Pieces of a father.
8.0 Fin des années 90, un père, Calum, et sa fille Sophie, passent les vacances dans un hôtel « All inclusive » en Turquie. Ils vont glander autour de la piscine, bronzer, dormir, manger, faire de la plongée, du billard, du waterpolo, quelques visites touristiques. C’est tout. Et c’est magnifique. C’est magnifique car ce qui ne se dit pas ou presque pas, on le capte malgré tout. Cette bulle solaire dans laquelle le film est constamment baigné est sans cesse dévorée par une mélancolie insondable : entre deux instants de douceur ensoleillé, c’est un père qui crache sur un miroir ou s’engouffre seul la nuit en pleine mer.

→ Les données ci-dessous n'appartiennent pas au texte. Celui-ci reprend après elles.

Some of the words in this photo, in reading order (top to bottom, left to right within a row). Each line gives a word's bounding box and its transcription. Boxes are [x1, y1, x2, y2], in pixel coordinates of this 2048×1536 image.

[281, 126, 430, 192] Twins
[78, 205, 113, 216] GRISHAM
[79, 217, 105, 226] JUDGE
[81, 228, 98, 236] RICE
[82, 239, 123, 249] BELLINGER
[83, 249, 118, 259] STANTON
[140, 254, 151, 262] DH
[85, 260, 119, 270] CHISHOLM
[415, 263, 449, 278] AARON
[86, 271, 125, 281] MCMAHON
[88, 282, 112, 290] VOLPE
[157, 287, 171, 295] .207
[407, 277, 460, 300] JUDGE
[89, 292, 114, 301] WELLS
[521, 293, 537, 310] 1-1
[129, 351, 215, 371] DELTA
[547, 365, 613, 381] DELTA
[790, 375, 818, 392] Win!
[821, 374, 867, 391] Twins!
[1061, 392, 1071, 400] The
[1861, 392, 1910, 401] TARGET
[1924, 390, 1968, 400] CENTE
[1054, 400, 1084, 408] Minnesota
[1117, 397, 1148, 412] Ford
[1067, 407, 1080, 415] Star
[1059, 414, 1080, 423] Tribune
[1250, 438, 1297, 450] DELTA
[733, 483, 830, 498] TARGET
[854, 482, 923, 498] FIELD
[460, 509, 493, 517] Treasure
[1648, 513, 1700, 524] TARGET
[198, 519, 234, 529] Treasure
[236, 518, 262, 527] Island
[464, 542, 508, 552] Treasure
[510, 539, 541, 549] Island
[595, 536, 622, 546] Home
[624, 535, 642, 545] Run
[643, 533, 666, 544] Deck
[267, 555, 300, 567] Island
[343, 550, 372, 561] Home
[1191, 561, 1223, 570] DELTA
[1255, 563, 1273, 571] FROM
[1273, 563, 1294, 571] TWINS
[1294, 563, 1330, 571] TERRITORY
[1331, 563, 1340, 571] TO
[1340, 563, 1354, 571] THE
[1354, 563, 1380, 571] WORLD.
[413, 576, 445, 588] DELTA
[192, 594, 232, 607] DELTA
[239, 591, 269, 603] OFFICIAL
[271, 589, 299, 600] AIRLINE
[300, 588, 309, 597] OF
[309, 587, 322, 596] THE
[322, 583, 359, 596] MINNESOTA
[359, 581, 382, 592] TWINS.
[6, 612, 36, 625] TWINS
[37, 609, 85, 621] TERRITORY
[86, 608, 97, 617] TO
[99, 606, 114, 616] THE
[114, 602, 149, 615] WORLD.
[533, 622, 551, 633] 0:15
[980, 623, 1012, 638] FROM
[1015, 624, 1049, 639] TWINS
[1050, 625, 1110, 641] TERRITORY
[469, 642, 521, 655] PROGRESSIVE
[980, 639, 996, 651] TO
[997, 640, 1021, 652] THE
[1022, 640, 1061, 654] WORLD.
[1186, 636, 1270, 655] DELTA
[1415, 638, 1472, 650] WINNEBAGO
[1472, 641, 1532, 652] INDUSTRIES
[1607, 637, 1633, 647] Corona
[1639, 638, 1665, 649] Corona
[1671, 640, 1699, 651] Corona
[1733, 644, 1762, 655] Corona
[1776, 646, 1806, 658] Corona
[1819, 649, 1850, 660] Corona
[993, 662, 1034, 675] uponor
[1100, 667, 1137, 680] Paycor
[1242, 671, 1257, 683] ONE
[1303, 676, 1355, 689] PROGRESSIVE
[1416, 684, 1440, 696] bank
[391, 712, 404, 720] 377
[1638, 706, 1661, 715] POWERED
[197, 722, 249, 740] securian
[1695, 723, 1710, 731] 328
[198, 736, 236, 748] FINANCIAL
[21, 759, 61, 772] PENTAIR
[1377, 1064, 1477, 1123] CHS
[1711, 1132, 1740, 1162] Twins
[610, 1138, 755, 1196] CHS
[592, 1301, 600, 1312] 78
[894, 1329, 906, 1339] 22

Aftersun est une somme de sensations fantasmées de ces vacances, disséminés entre brèves vidéos collectées par le petit camescope de Sophie. Comme si sa mémoire élaborait les souvenirs, remplissait les trous, recollait les morceaux, en fonction des images qui restent : Sophie adulte, qui essaie de se souvenir de Calum. Quelques flashs viendront étayer cela. Quand d’autres seront plus mystérieux, à l’image de ces images de rave stroboscopique. On ne saura donc pas tout mais on comprendra au moins ceci : Les parents de Sophie sont séparés, Sophie voit peu son père quant à Calum, aussi doux et bienveillant soit-il avec elle, il est bien trop jeune et/ou paumé pour être père. D’ailleurs il s’étonne lui-même d’avoir déjà trente ans, quand les gamins du club le prennent au préalable pour le grand frère.

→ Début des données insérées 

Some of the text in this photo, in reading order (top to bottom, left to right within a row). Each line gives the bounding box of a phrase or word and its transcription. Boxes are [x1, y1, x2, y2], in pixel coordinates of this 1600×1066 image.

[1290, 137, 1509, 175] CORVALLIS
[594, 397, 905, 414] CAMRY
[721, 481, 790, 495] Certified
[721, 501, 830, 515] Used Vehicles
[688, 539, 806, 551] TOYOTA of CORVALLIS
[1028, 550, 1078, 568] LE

Et si le film n’est pas du tout autobiographique, il n’en reste pas moins que sa réalisatrice Charlotte Wells a perdu son père durant son adolescence. Elle réalise donc une pure fiction, à partir de vraies sensations, c’est très particulier. C’est une autobiographie émotionnelle, dit-elle. Aftersun a tout l’attirail formel du film américain indépendant, une sorte de croisement entre Sofia Coppola (difficile de ne pas penser à Somewhere), Vincent Gallo (On y recolle les morceaux un peu comme dans The Brown bunny) ou Matthew Porterfield (Le délicat I used to be darker). Mais il y a aussi du Claire Denis à son meilleur, là-dedans. Une douceur et un flottement permanent, solaire et mortifère.

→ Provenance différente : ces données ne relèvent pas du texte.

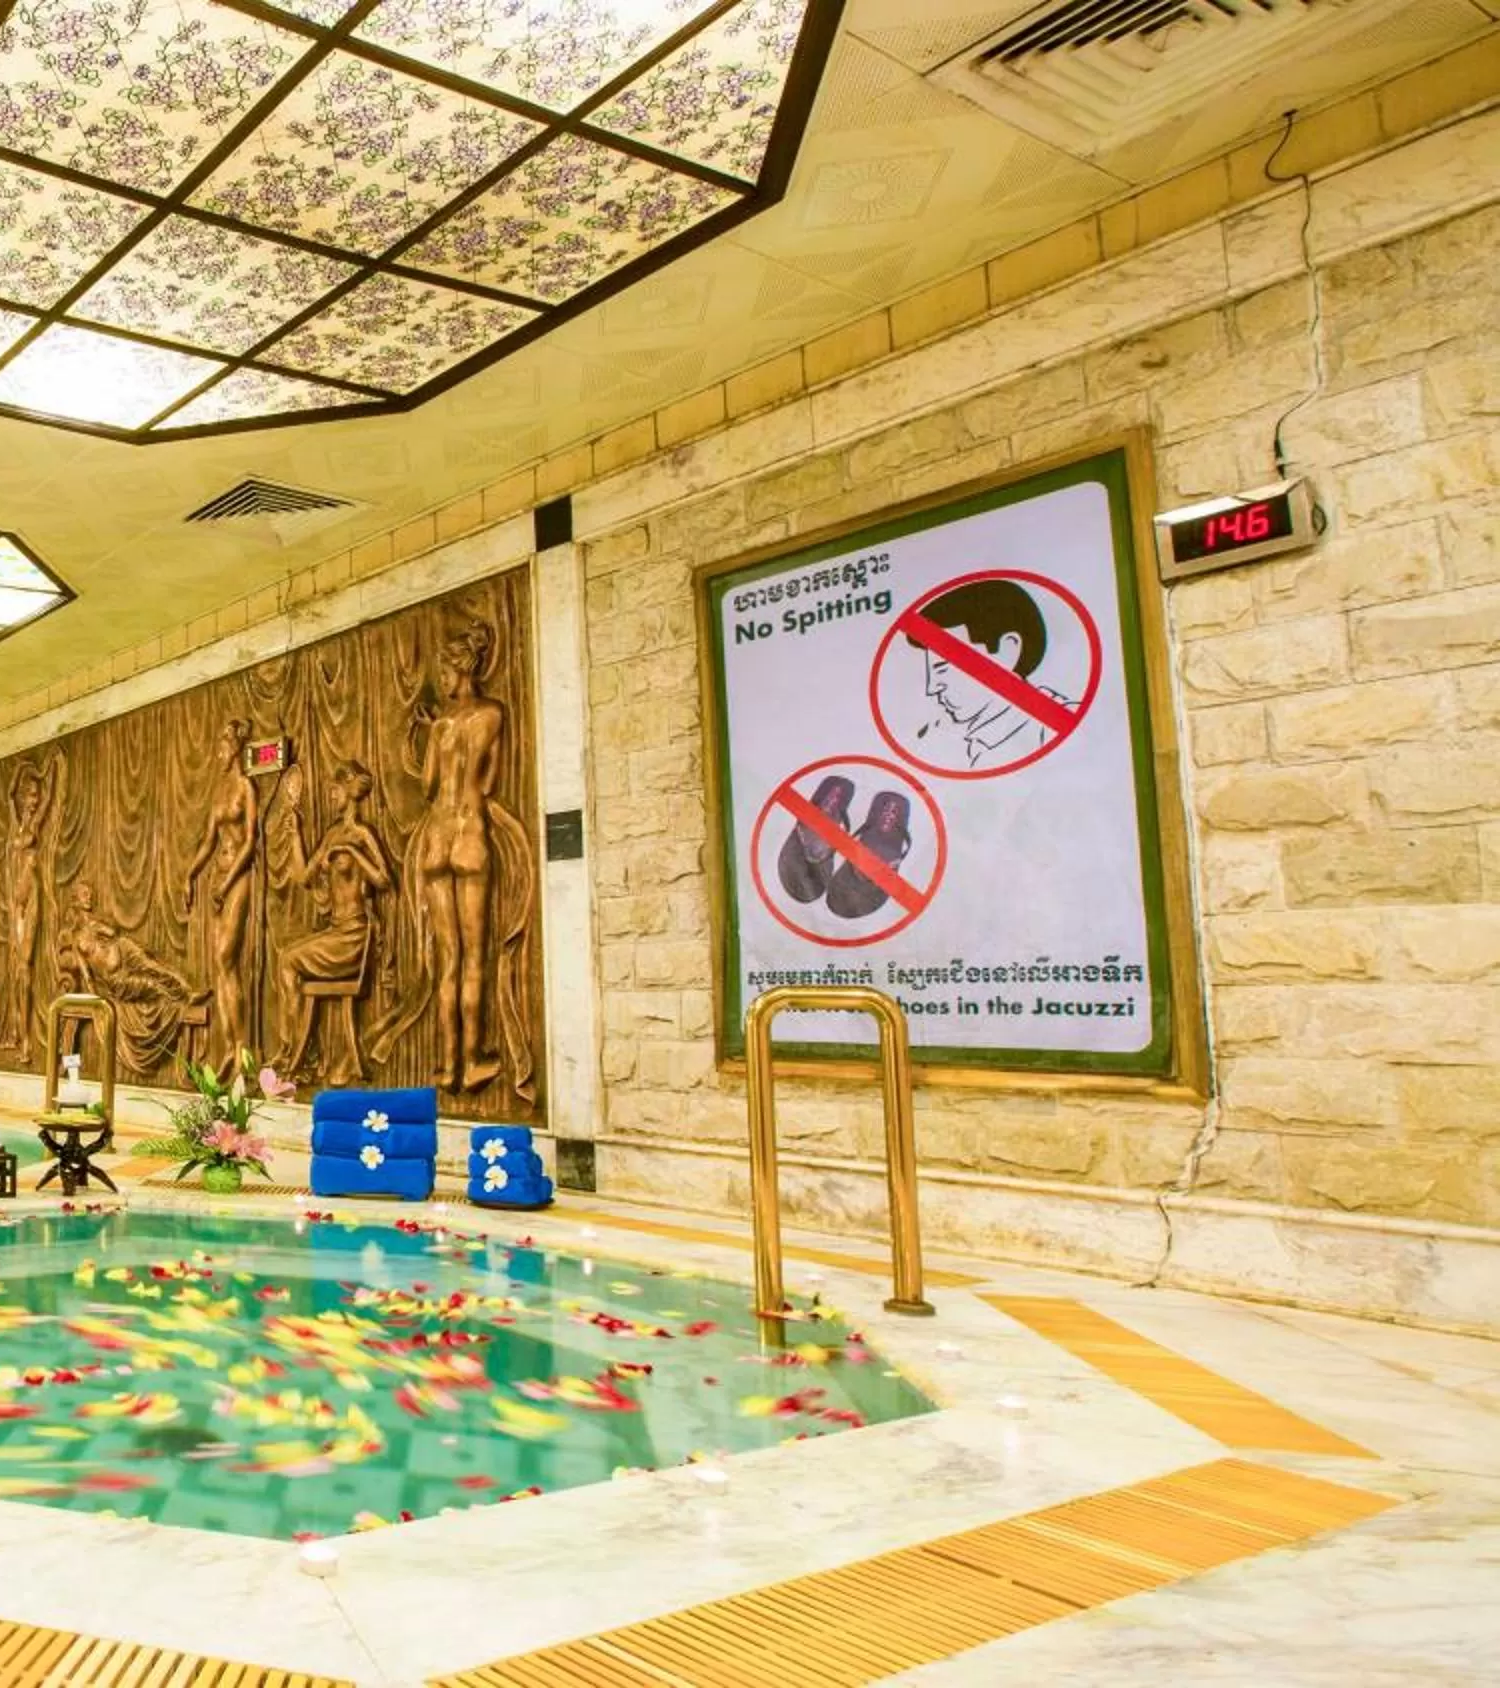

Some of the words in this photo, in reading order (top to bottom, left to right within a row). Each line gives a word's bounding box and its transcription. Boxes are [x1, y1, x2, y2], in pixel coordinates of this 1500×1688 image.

[736, 621, 773, 644] No
[783, 589, 892, 634] Spitting
[896, 995, 950, 1015] hoes
[957, 995, 979, 1015] in
[987, 996, 1023, 1015] the
[1032, 997, 1135, 1017] Jacuzzi

Le film est jalonné d’idées géniales comme la scène du karaoké (justement car son déroulement surprend) ou celle de la chambre à coucher dans le noir, avec la respiration de Sophie et Calum fumant sa clope sur le balcon : Cette scène fut le basculement pour moi. C’était soudainement dissonant, le film ne m’a plus lâché. Il se permet des pics parfois insolites et casse-gueule. Il a aussi sans doute ses limites – son petit côté arty pour festivaliers, avec ses jolis plans de poses – peut-être les verrais-je, ultérieurement ?
Oui, Aftersun est sur une corde raide. Entre le Mumblecore et le produit Sundance, pour le dire grossièrement. Ou rien de tout ça. Je cherche encore. En l’état j’en suis sorti en miettes, désarçonné, bouleversé par sa délicatesse, cette lumière, cette relation, ces deux interprètes. Paul Mescal et Frankie Corio y sont tous deux incroyables. Bon, le film n’a pas besoin de mon soutien, c’est un premier long, il n’a rien coûté et il rafle tout un peu partout où il passe, mais j’encourage chacun à volontiers s’y perdre.